An incident in the knockout finals at the end of my first season in football, which was the 1972/73 season with Diamond A, had suggested strongly to me that, even in sports, my leadership of UBAD was attracting special and negative attention from Belize’s power structure. I concluded that the most I could hope for with my football teams was to play an attacking brand of ball which would entertain the fans and pack the MCC Garden. I told the players I recruited as much. We will not be allowed to win, but you will get girls.
           
Fast forward now to 1983. The referees had already become the dominant organization in Belize football. They were led by Delhart Courtenay, a BEC employee who essentially went on to rule football for the next two decades. Football became a sport controlled by the referees and football officials, and the fan support, which is the most important source of recurrent revenues, became inconsistent.

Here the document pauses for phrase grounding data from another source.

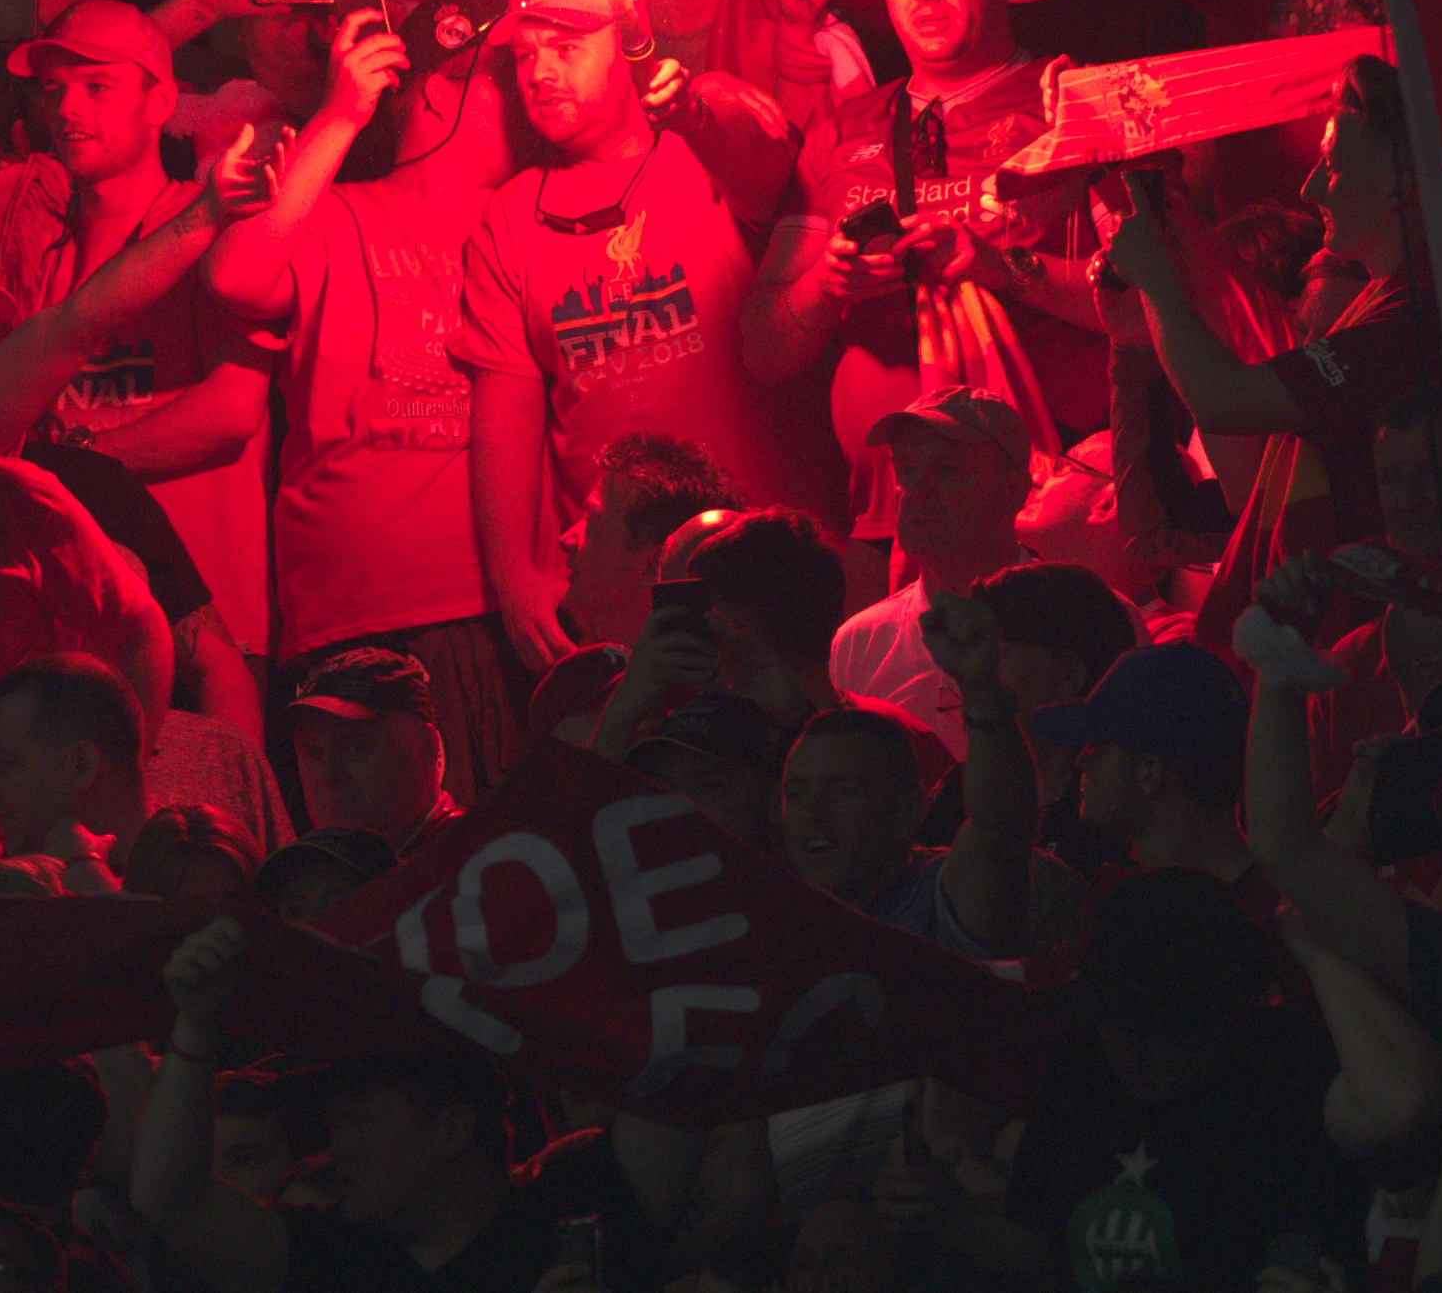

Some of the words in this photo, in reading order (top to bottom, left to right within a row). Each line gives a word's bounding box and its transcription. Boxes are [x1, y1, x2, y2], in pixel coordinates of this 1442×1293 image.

[559, 304, 700, 372] FINAL
[637, 332, 705, 370] 2018
[56, 373, 153, 411] NAL
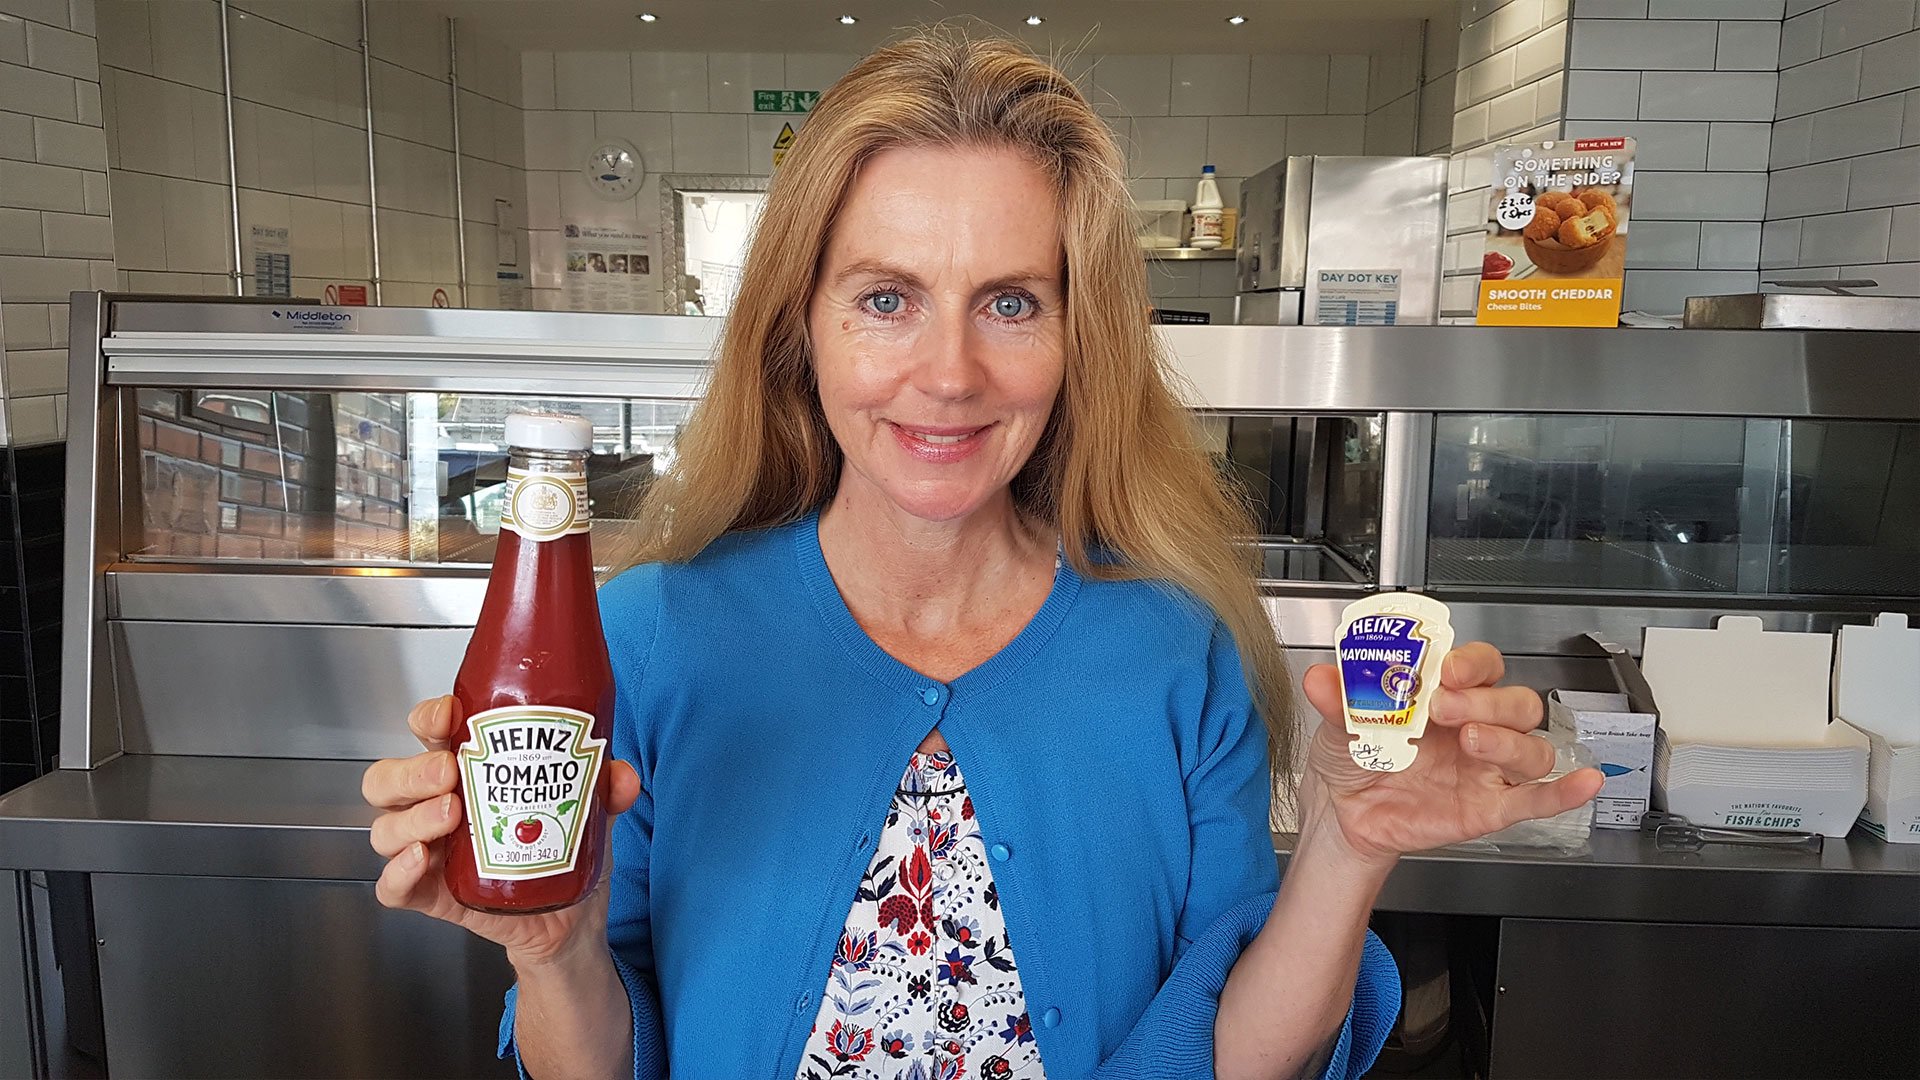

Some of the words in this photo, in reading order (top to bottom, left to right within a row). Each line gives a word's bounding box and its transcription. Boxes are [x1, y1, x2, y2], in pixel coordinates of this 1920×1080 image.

[758, 92, 776, 100] Fire
[758, 102, 775, 110] exit
[1514, 156, 1612, 172] SOMETHING
[1504, 176, 1528, 188] ON
[1535, 174, 1566, 187] THE
[1572, 172, 1622, 186] SIDE?
[1321, 273, 1344, 282] DAY
[1348, 274, 1372, 282] DOT
[1376, 274, 1398, 284] KEY
[1488, 290, 1546, 300] SMOOTH
[1551, 289, 1612, 300] CHEDDAR
[1487, 302, 1518, 310] Cheese
[1519, 302, 1542, 310] Bites
[286, 311, 351, 321] Middleton
[1352, 619, 1406, 636] HEINZ
[1341, 648, 1411, 662] MAYONNAISE
[488, 728, 572, 754] HEINZ
[518, 753, 540, 762] 1869
[482, 760, 578, 786] TOMATO
[488, 783, 573, 804] KETCHUP
[1725, 815, 1754, 826] FISH
[1763, 816, 1801, 827] CHIPS
[506, 851, 520, 862] 300
[522, 850, 532, 862] ml
[538, 848, 552, 860] 342
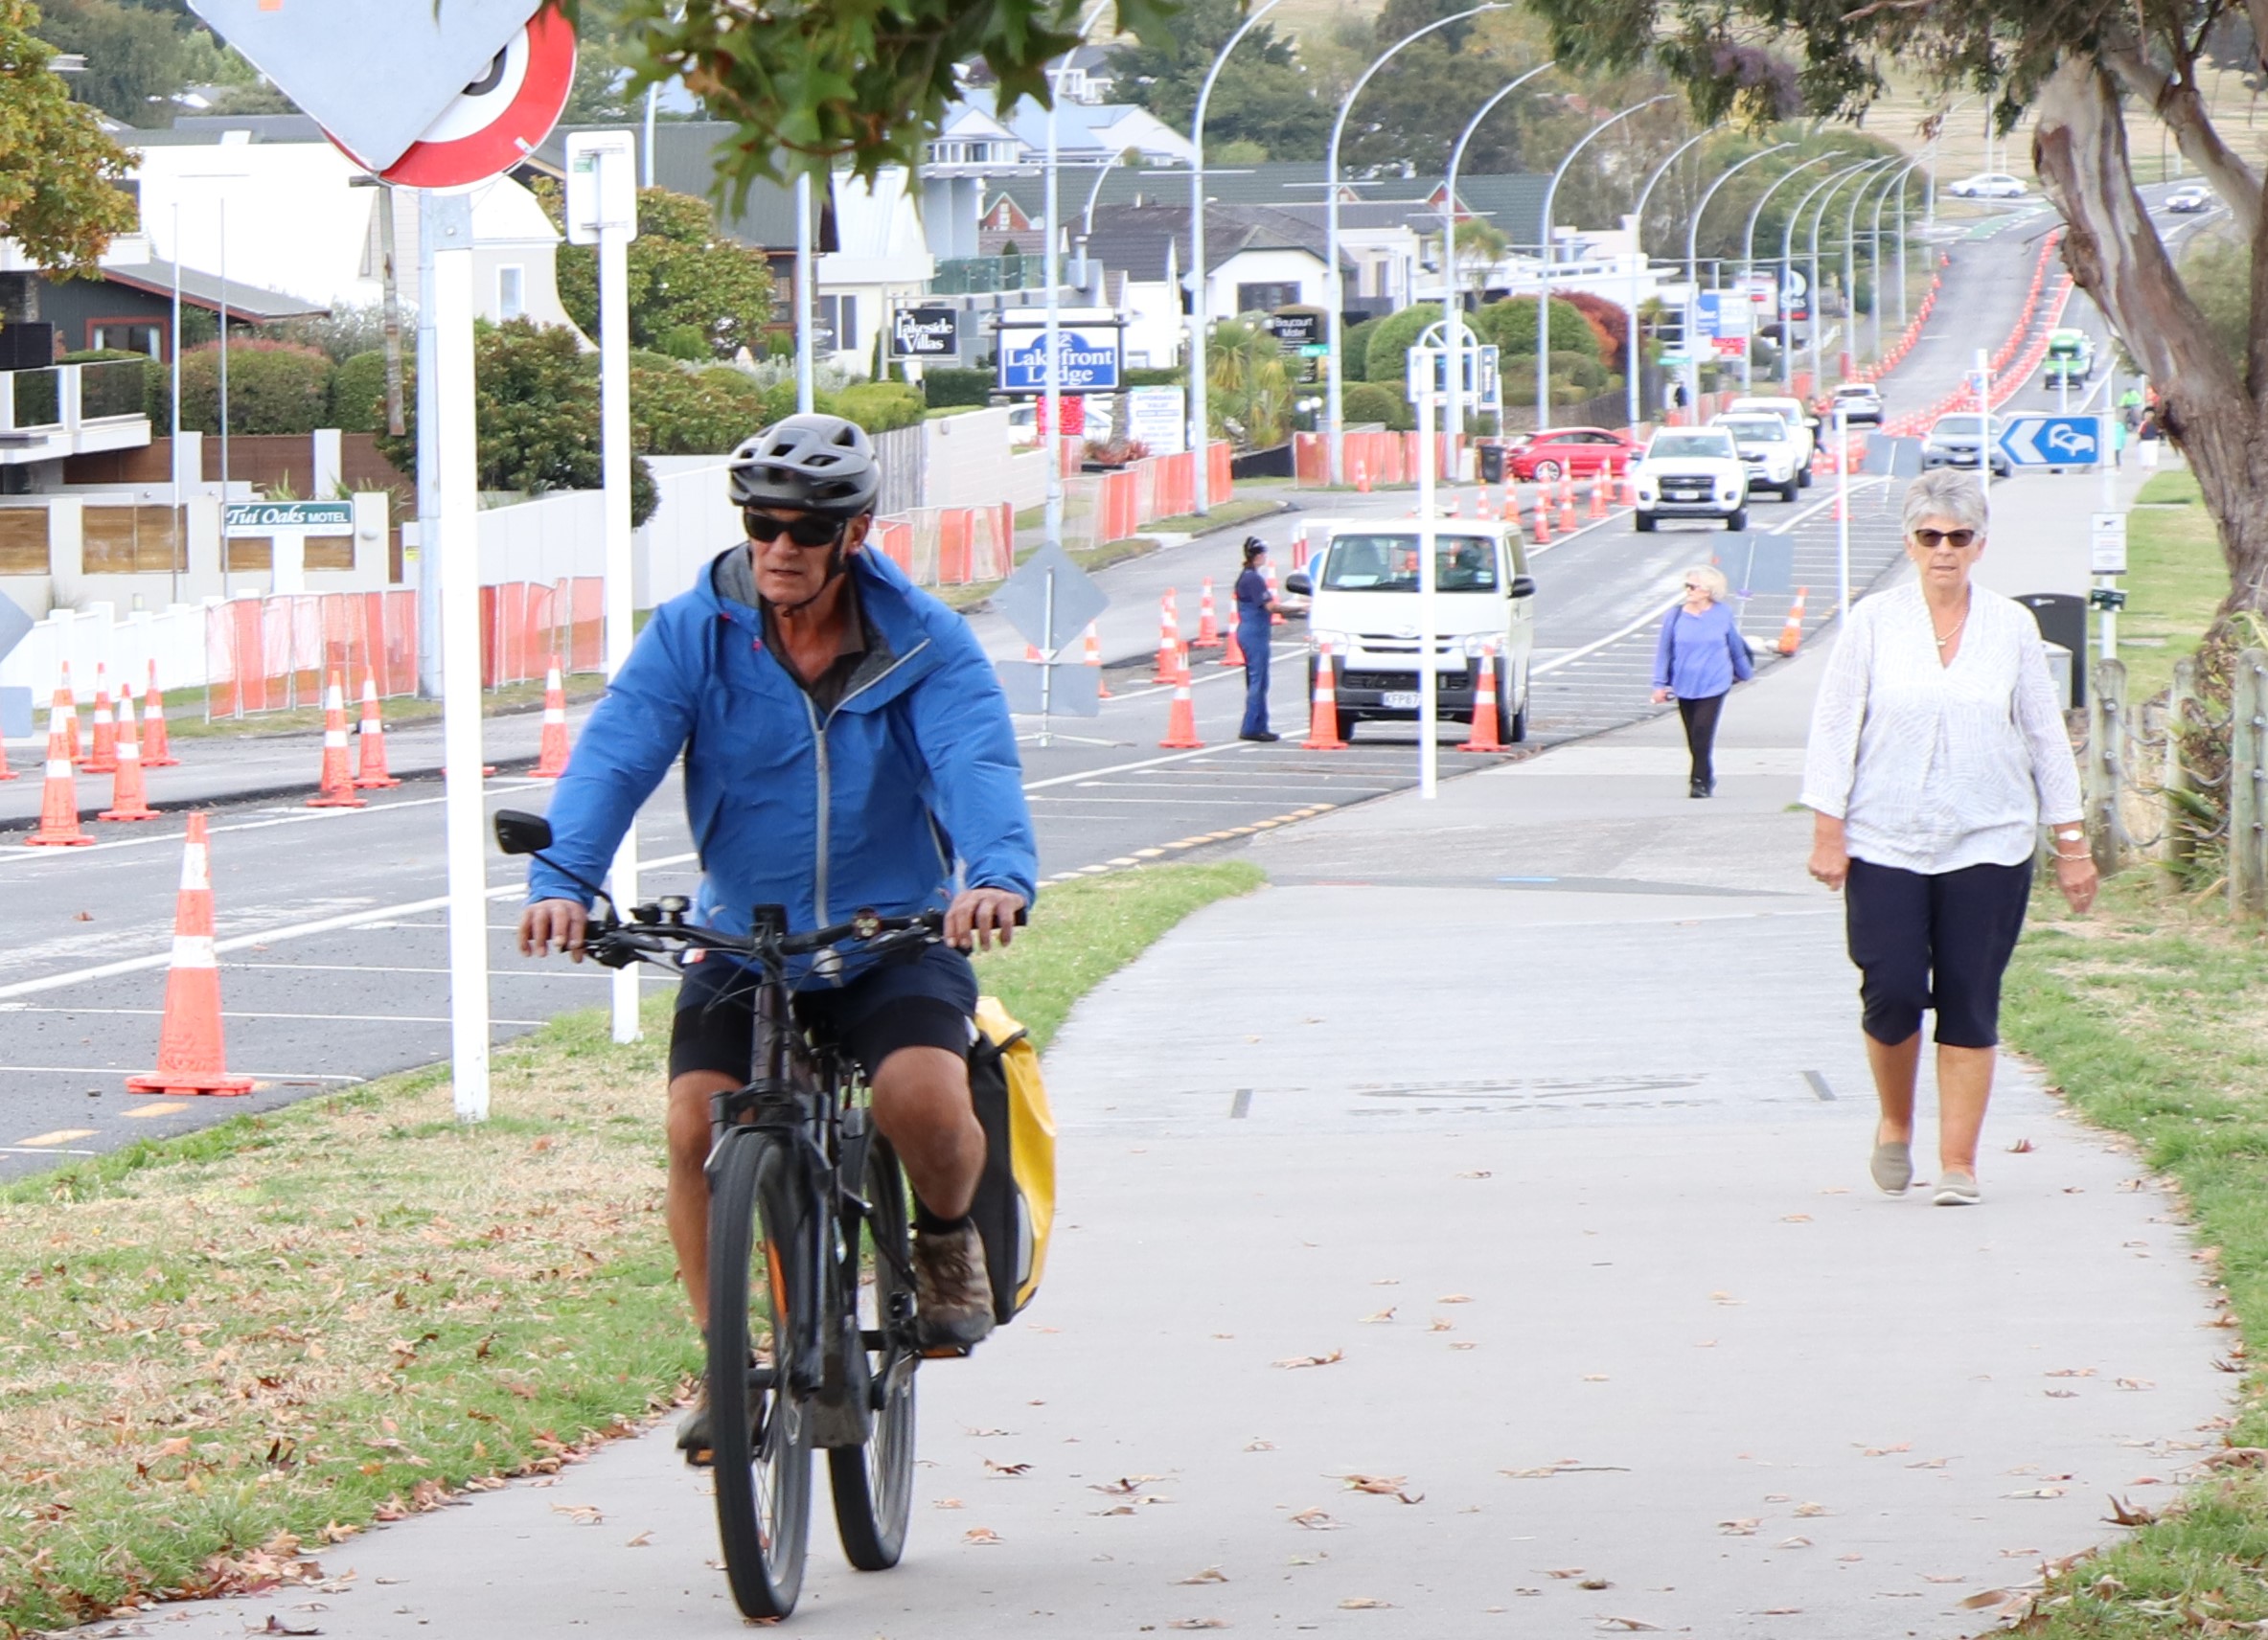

This is the core problem in Belize football: the referees and sport bureaucrats are far more powerful than the players and the fans.
    
In 1983, my father was chairman of Belize’s National Sport Council, and he realized, based on advice, that the playing surface of the MCC Grounds simply had to be re-sodded. He reluctantly decided the football season had to be played at the National Stadium field. (Today, the abuse of the MCC Grounds by trucks, heavy equipment, massive stages, music concerts, and bazaars is shameful, downright sacrilegious.) 
           
There was this one game when BTL, which was Bailar Smith’s team that year, was playing a Dangriga team at the National Stadium. BTL’s hulking Crane Major contested a ball in the air with the Dangriga midfielder Walker Kuylen (who died some years later in a traffic accident). Their heads smashed together, and Kuylen collapsed on the field with epileptic seizures. It was a totally frightening incident: as was usual in football, there were no certified medical personnel on the scene. 
   
It appeared to me that it began to be the norm after that, for Crane and other defenders to seek to intimidate forwards in the air. It is for this reason that I have the greatest of respect for Erwin Contreras, for I saw Crane seek to intimidate him on more than one occasion, and Erwin never flinched.
           
The thing is that Belize referees never made a conscious decision to protect our forwards in the air. And so, the art of heading the ball in the attacking zone, which had made Ortis Gladden so famous in the 1940’s, became practically a lost art in Belize.
           
While more than half of all international goals are scored with the head, you will almost never see a Belizean striker score a header in international play. I blame the Belizean referees for this, in the initial instance.
           
This is only one small example of what has happened here over the last thirty years in football. In Argentina, no referee or bureaucrat is bigger than Messi. In Portugal, Cristiano Ronaldo must be protected at all costs, because it is he whom the fans pay to see. But in Belize, Dr. Chimilio disrespected Tiliman, and he got away with it. Tiliman, if you don’t know, was Belize’s Messi. This is Belize. The players and fans don’t count for that much. We can’t really go anywhere like this.